• WHAT THE TASK ASKS
Each record should reappear exactly in your answer, minus any picture.

(EXERCISE INPUT)

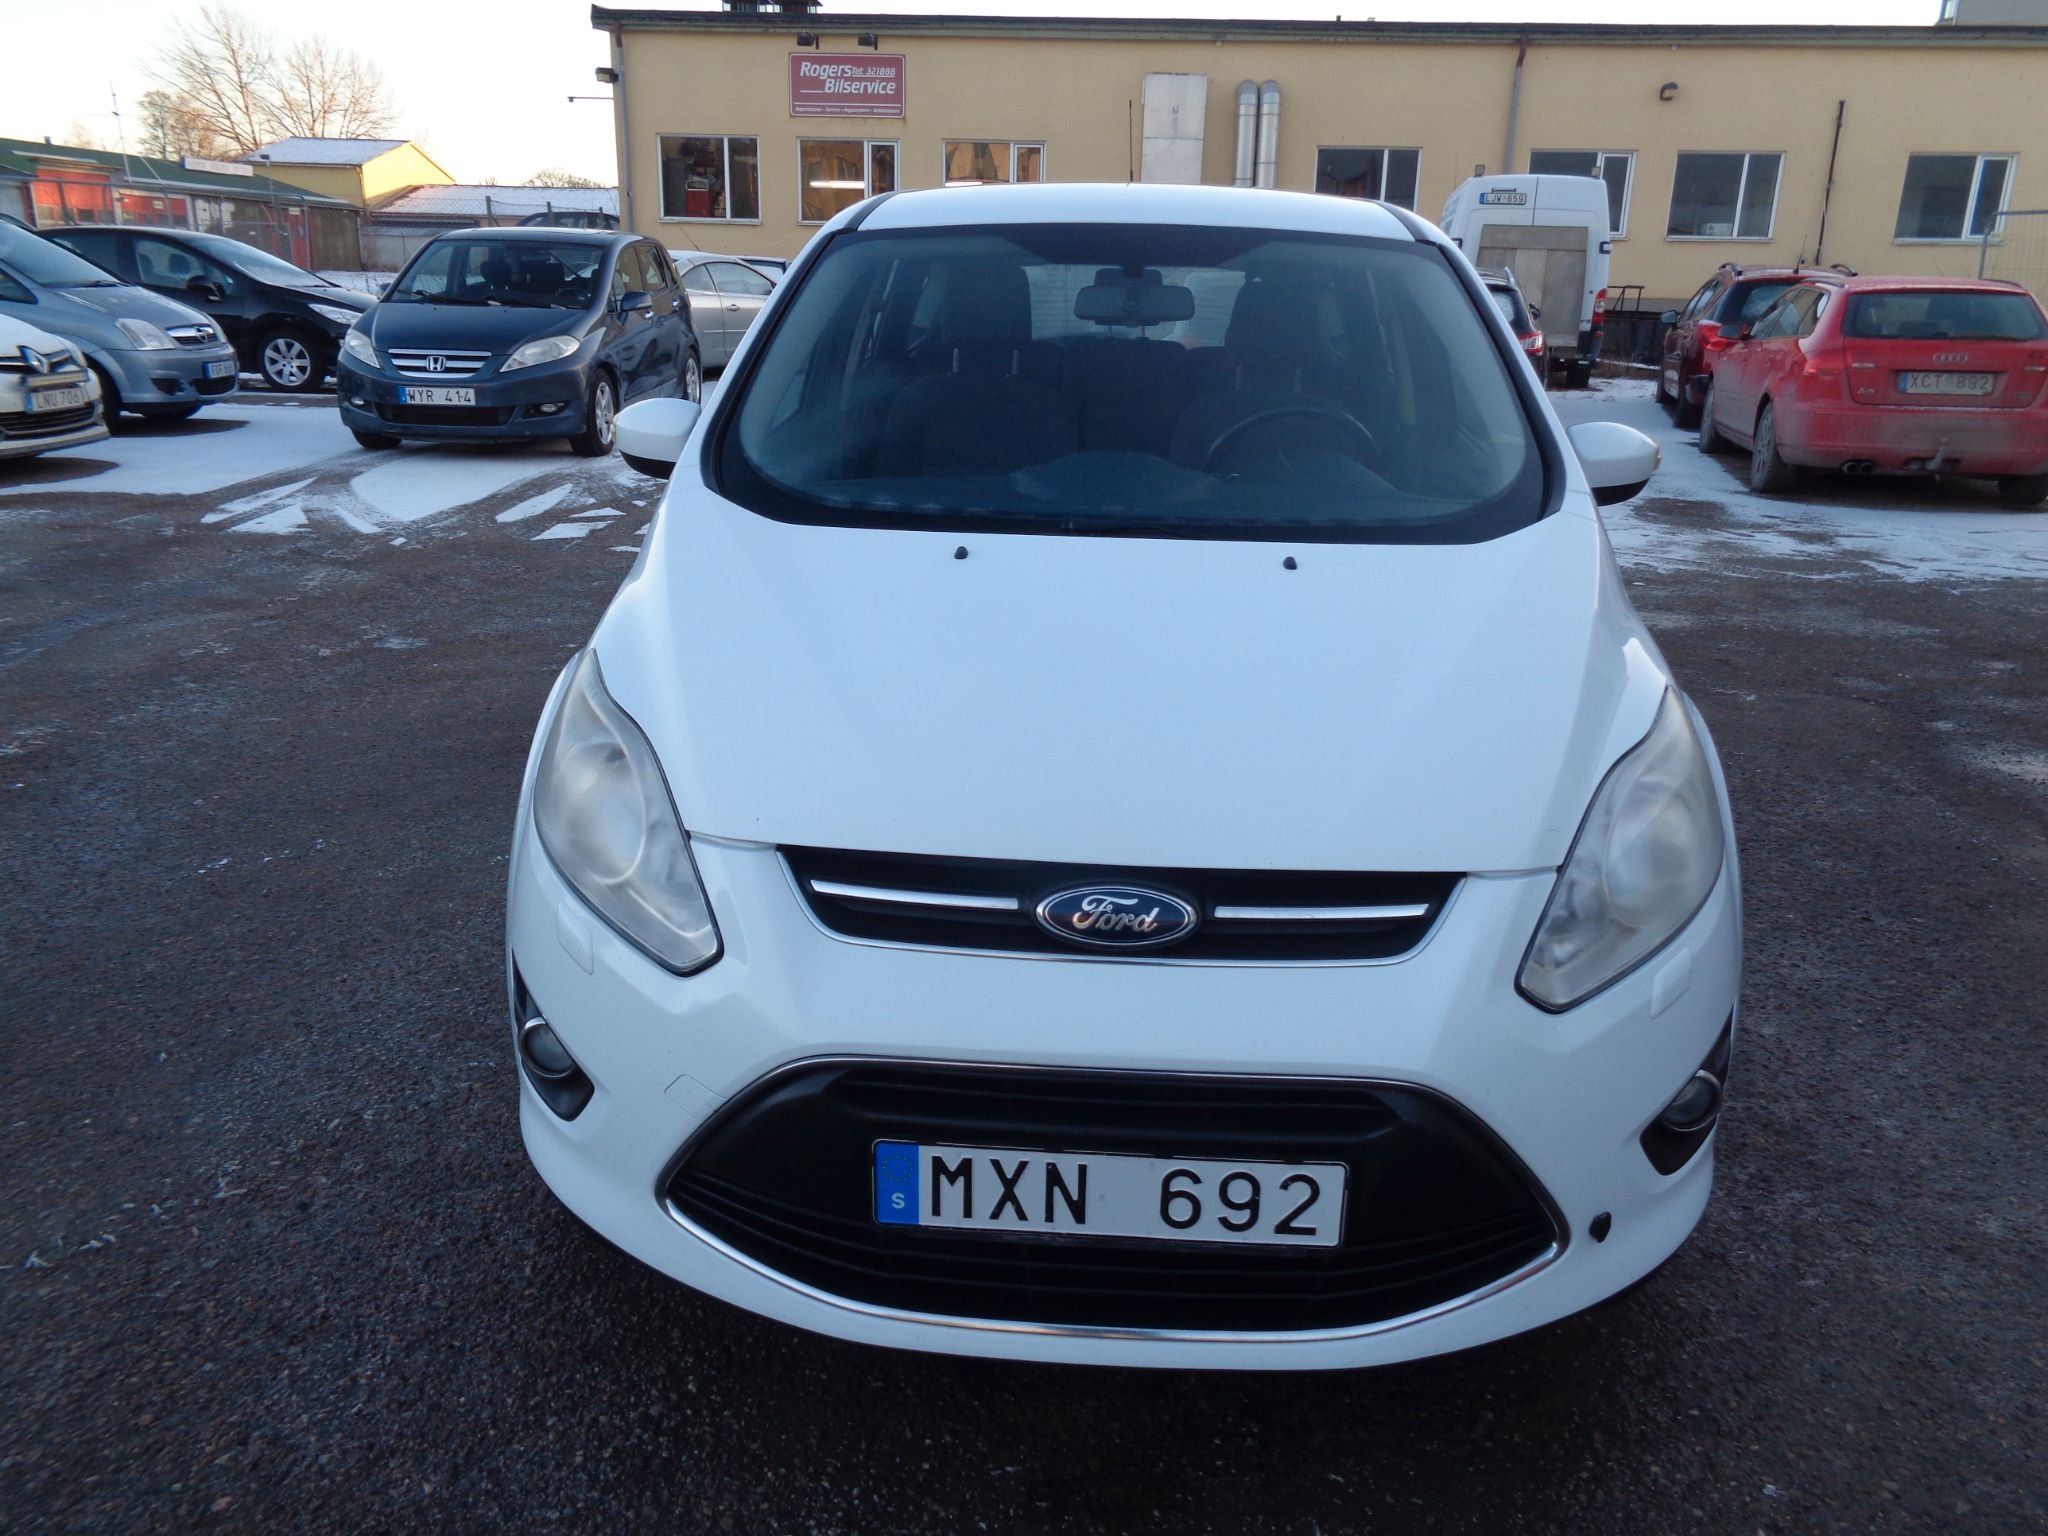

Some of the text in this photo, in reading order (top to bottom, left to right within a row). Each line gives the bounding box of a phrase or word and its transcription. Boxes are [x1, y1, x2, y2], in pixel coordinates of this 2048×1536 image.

[800, 62, 852, 79] Rogers
[867, 67, 896, 76] 321888
[824, 79, 896, 94] Bilservice
[1910, 374, 1989, 390] XCT 892
[407, 389, 471, 403] WYR 414
[1072, 895, 1160, 932] Ford
[891, 1193, 905, 1209] S
[931, 1155, 1321, 1236] MXN 692

(End EXERCISE INPUT)

• ANSWER AREA
Some of the text in this photo, in reading order (top to bottom, left to right within a row). Each line gives the bounding box of a phrase or word and its transcription. Boxes are [x1, y1, x2, y2], in pixel coordinates of this 2048×1536 image.

[800, 62, 852, 79] Rogers
[867, 67, 896, 76] 321888
[824, 79, 896, 94] Bilservice
[1910, 374, 1989, 390] XCT 892
[407, 389, 471, 403] WYR 414
[1072, 895, 1160, 932] Ford
[891, 1193, 905, 1209] S
[931, 1155, 1321, 1236] MXN 692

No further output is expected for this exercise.